Ginga… ginga…
Crescem-me cerzidas à pronúncia dos lábios
tão súbitas como antigas, as palavras
rumorejantes num rodopio de sons ribeirinhos
salpicados na dicção mais do que imperfeita da memória.
Adriças lexicais espicaçadas pela curiosidade
cravadas na semântica esdrúxula da história.
Lancha, bote e chata
na vela de pano cru, no remo e na remada
já com a âncora então fateixa a ser içada.
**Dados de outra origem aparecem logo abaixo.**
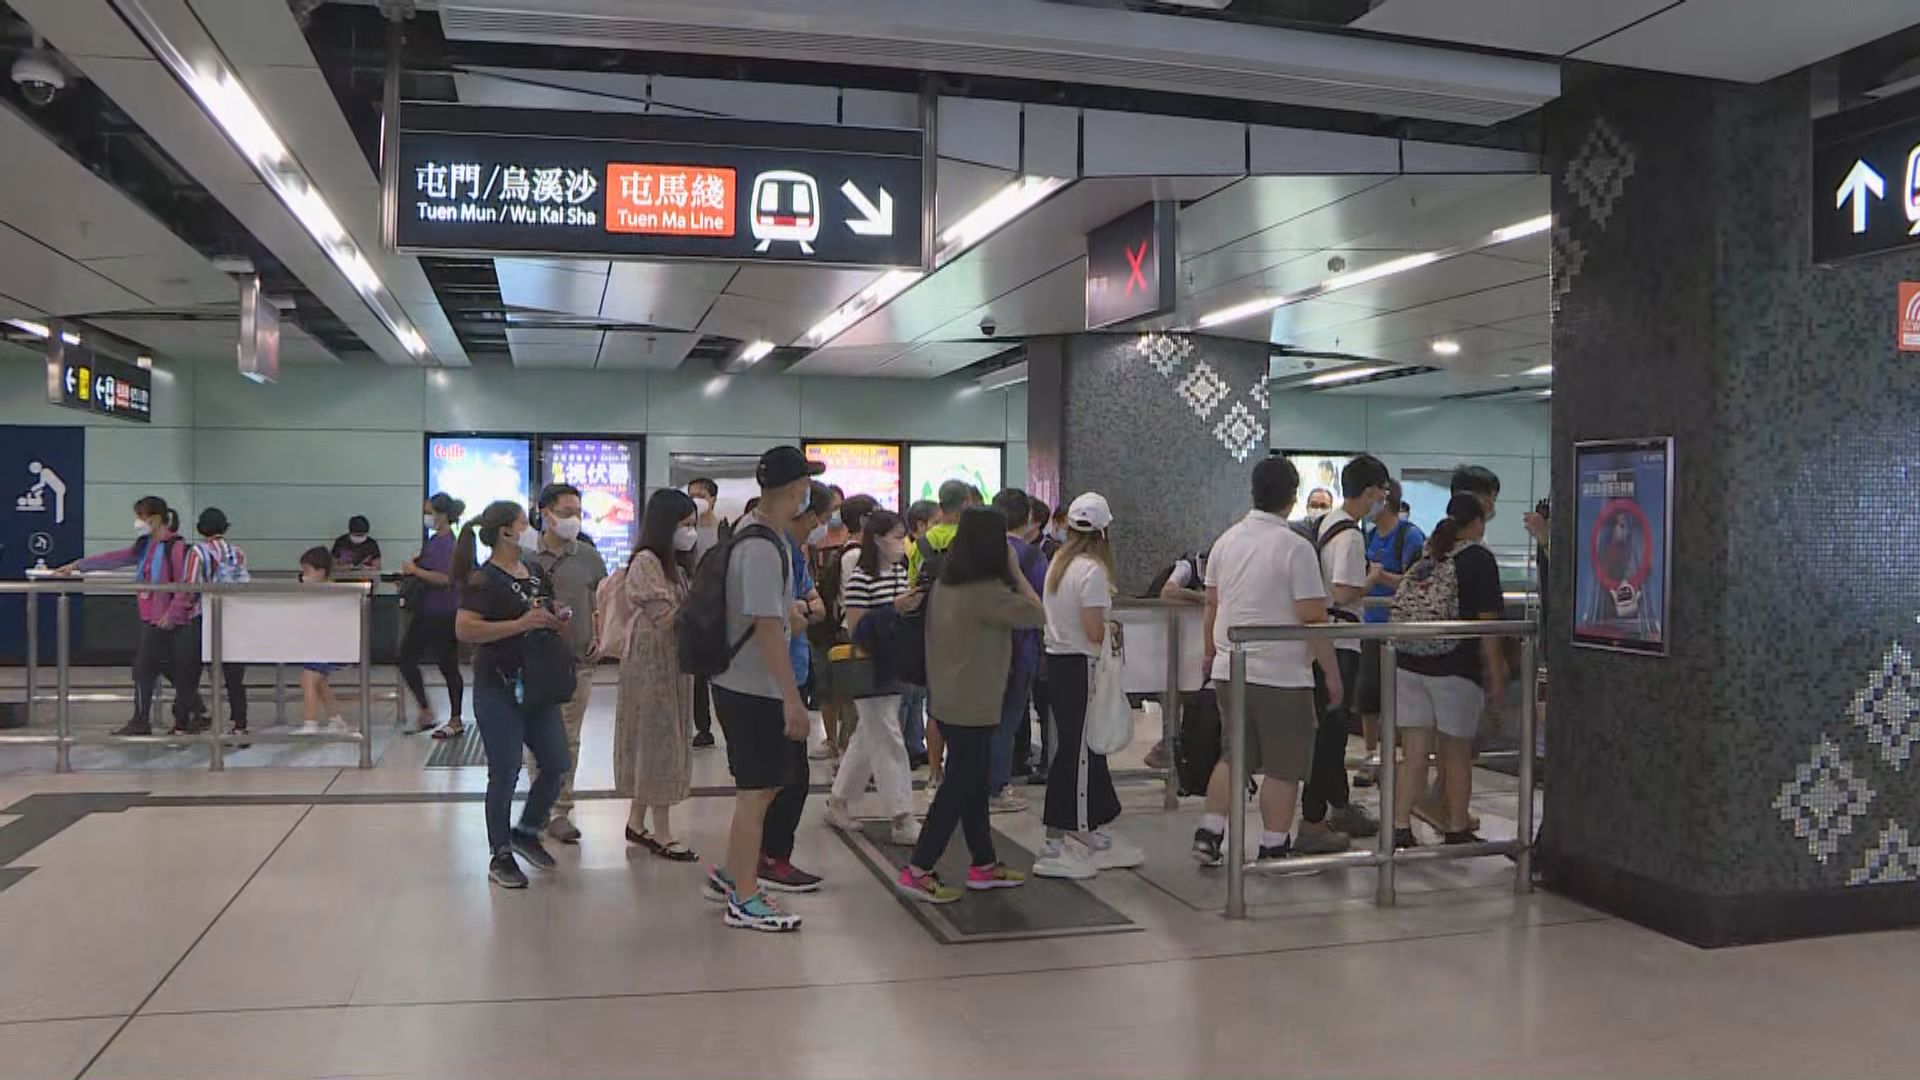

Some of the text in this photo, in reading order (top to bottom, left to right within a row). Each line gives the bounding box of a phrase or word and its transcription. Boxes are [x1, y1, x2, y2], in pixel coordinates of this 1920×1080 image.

[417, 202, 597, 226] Tuen Mun / Wu Kai Sha
[617, 208, 725, 230] Tuen Ma Line
Proa e popa. Bombordo e estibordo. Borda fora.
O barco a fazer água na evidencia dos paneiros
numa vida sem vertedor porque batedor
era o seu nome outrora.
Ginga… ginga…
a gíria gira da marcha à ré dos sem motor.
Só remo, quilha, leme
e o estralho que na xema da vida de dor
clama e geme.
Murejona, marejona, cofre, covo e alcatruz.
Lingueirão, lagueirão que era isco
Bergão, petit-nom de berbigão que é petisco.
Petromax de uma só camisa e tanta luz.
Camaroeiro, seda, sedela e braças d’água.
Chumbada, girador e anzol sem peixe
saltitando hipotético no chalavar da mágoa.